§ AIM OF THE TASK
Once the pictures are set aside, reproduce the entries below exactly.

§ DATA RECORDS

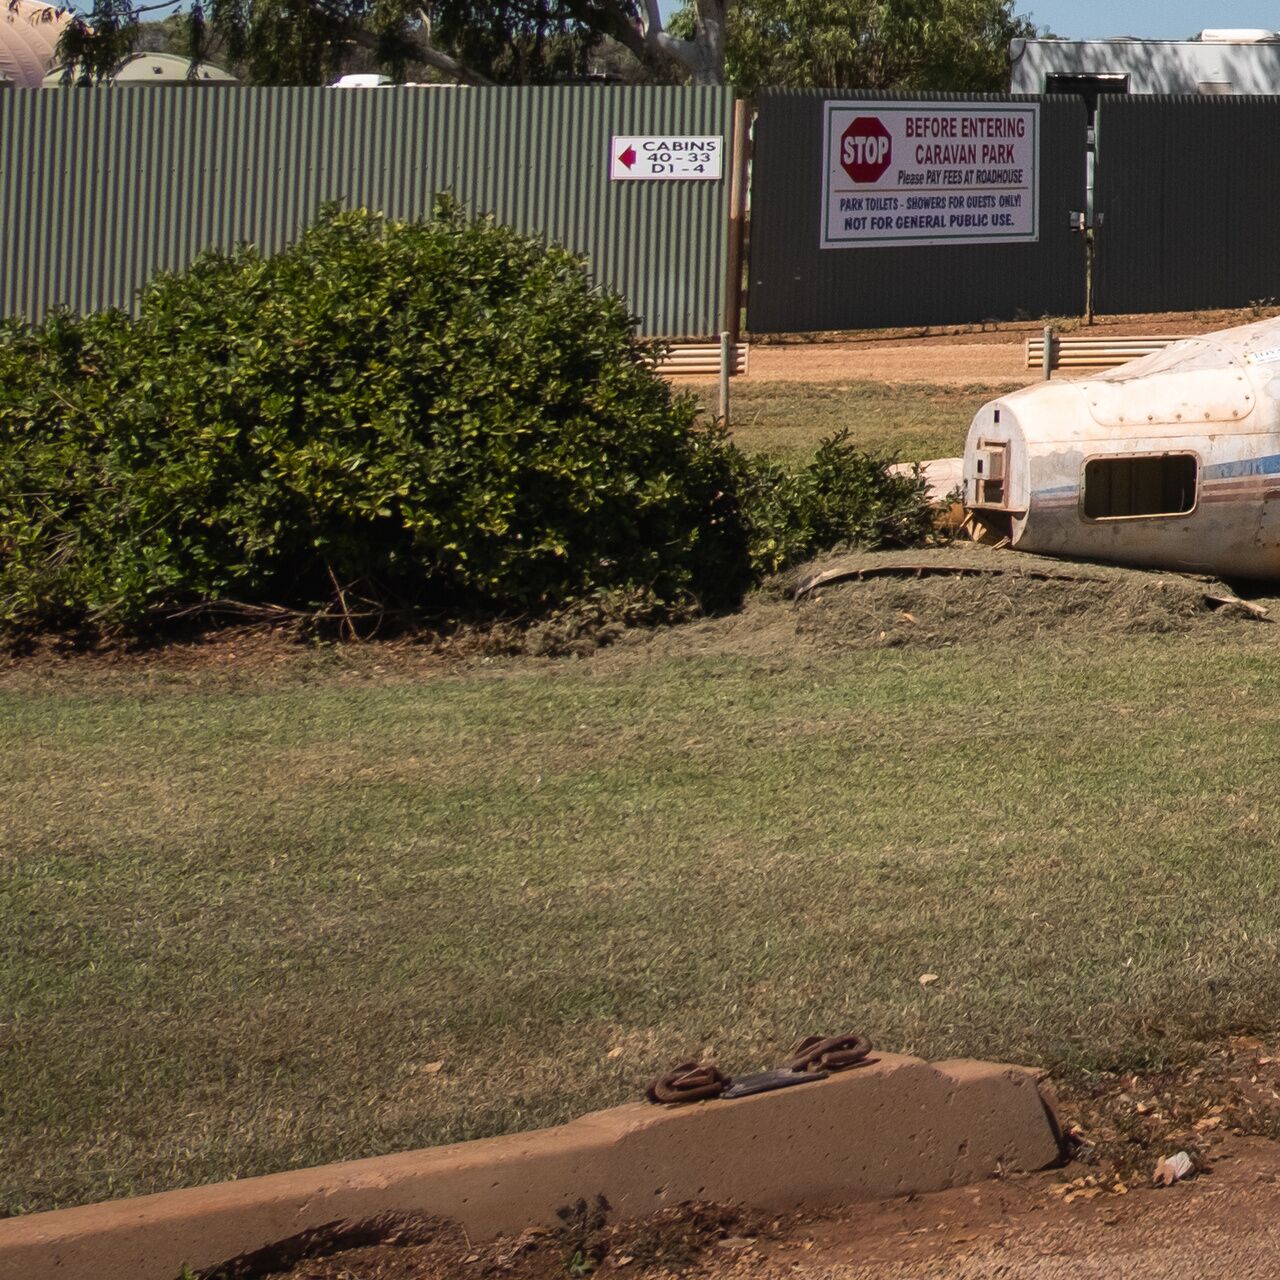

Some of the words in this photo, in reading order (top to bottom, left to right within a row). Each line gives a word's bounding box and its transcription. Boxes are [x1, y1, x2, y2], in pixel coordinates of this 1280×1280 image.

[906, 117, 958, 138] BEFORE
[961, 117, 1025, 138] ENTERING
[643, 141, 716, 151] CABINS
[843, 136, 889, 165] STOP
[915, 144, 977, 165] CARAVAN
[982, 144, 1015, 164] PARK
[647, 153, 671, 162] 40
[688, 153, 711, 162] 33
[651, 164, 674, 173] D1
[693, 164, 705, 173] 4
[898, 170, 925, 185] Please
[925, 170, 941, 185] PAY
[943, 170, 963, 185] FEES
[964, 170, 975, 184] AT
[975, 169, 1024, 184] ROADHOUSE
[840, 198, 864, 211] PARK
[865, 197, 899, 210] TOILETS
[907, 196, 946, 210] SHOWERS
[949, 196, 965, 209] FOR
[966, 195, 996, 208] GUESTS
[999, 194, 1021, 208] ONLY!
[844, 217, 868, 231] NOT
[870, 217, 893, 230] FOR
[896, 215, 946, 229] GENERAL
[950, 214, 988, 228] PUBLIC
[991, 214, 1015, 227] USE.
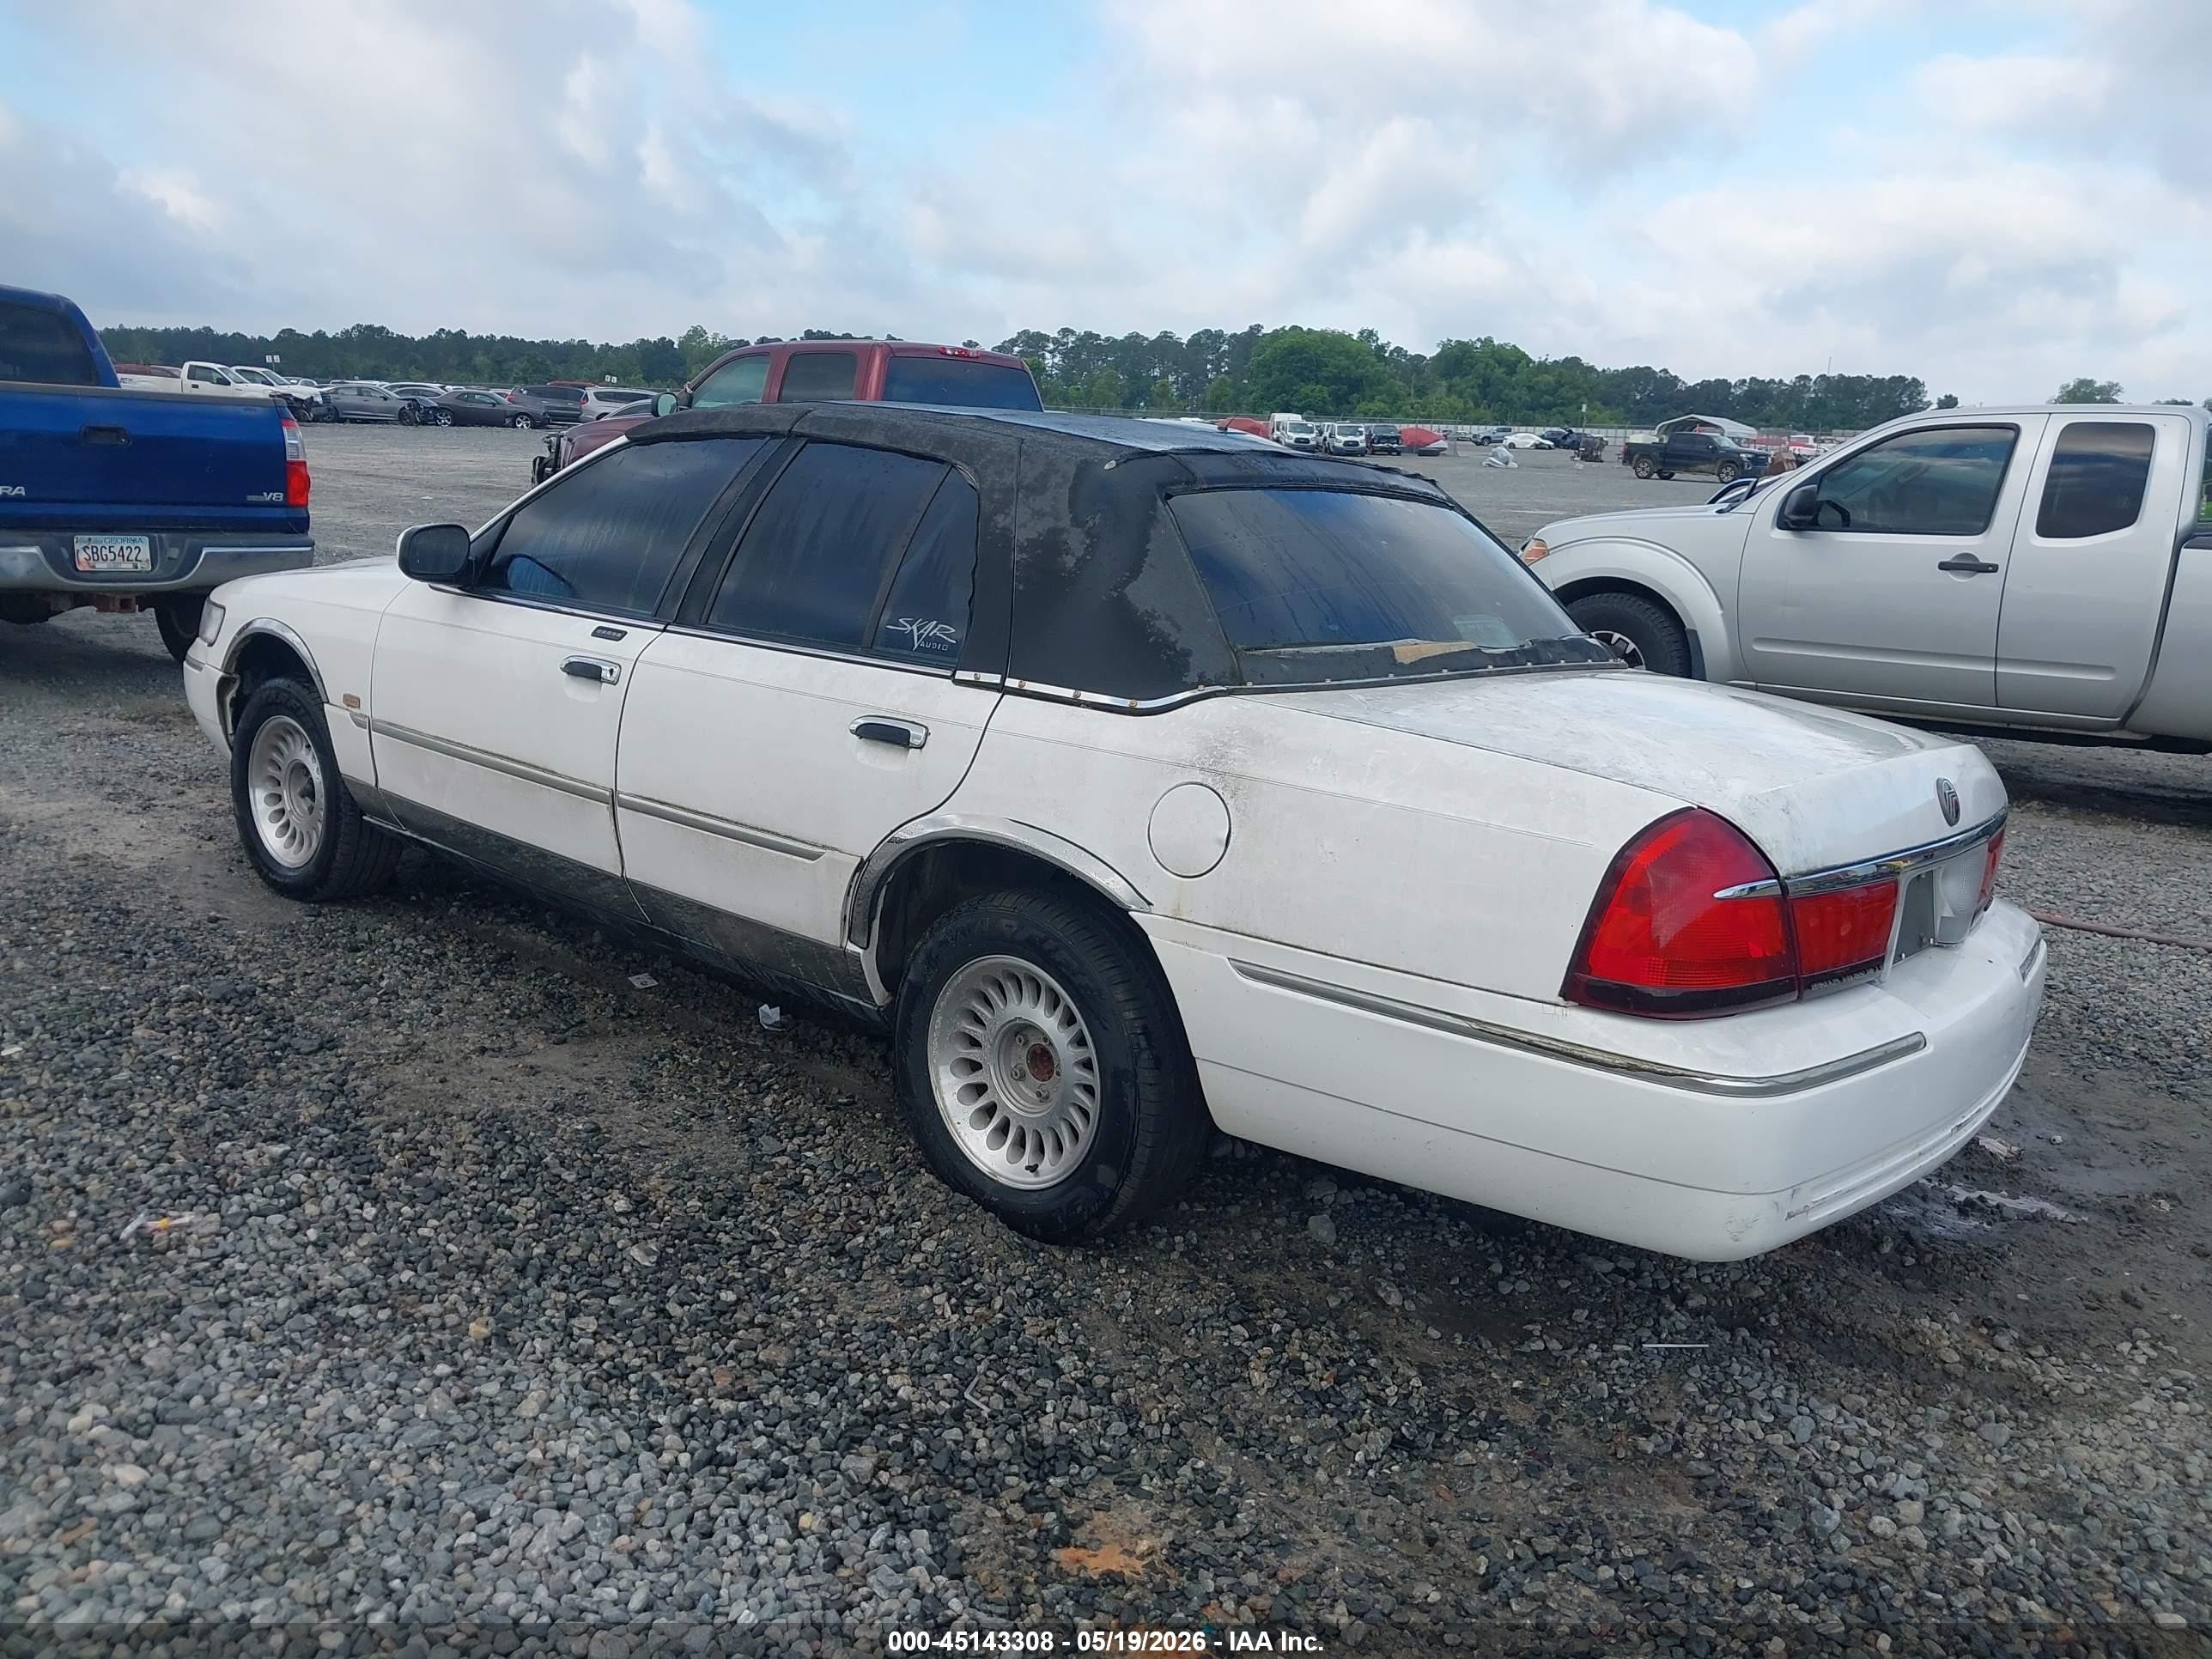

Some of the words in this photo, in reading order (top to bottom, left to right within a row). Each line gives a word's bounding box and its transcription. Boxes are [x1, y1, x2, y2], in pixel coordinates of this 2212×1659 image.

[263, 491, 284, 502] V8
[82, 545, 143, 562] SBG5422
[886, 618, 957, 651] SKAR
[919, 641, 950, 652] AUDIO

§ RESPONSE
Some of the words in this photo, in reading order (top to bottom, left to right within a row). Each line gives a word's bounding box and its transcription. Boxes are [x1, y1, x2, y2], in pixel coordinates of this 1280×1280 image.

[906, 117, 958, 138] BEFORE
[961, 117, 1025, 138] ENTERING
[643, 141, 716, 151] CABINS
[843, 136, 889, 165] STOP
[915, 144, 977, 165] CARAVAN
[982, 144, 1015, 164] PARK
[647, 153, 671, 162] 40
[688, 153, 711, 162] 33
[651, 164, 674, 173] D1
[693, 164, 705, 173] 4
[898, 170, 925, 185] Please
[925, 170, 941, 185] PAY
[943, 170, 963, 185] FEES
[964, 170, 975, 184] AT
[975, 169, 1024, 184] ROADHOUSE
[840, 198, 864, 211] PARK
[865, 197, 899, 210] TOILETS
[907, 196, 946, 210] SHOWERS
[949, 196, 965, 209] FOR
[966, 195, 996, 208] GUESTS
[999, 194, 1021, 208] ONLY!
[844, 217, 868, 231] NOT
[870, 217, 893, 230] FOR
[896, 215, 946, 229] GENERAL
[950, 214, 988, 228] PUBLIC
[991, 214, 1015, 227] USE.

Some of the words in this photo, in reading order (top to bottom, left to right within a row). Each line gives a word's bounding box and its transcription. Boxes are [x1, y1, x2, y2], in pixel coordinates of this 2212×1659 image.

[263, 491, 284, 502] V8
[82, 545, 143, 562] SBG5422
[886, 618, 957, 651] SKAR
[919, 641, 950, 652] AUDIO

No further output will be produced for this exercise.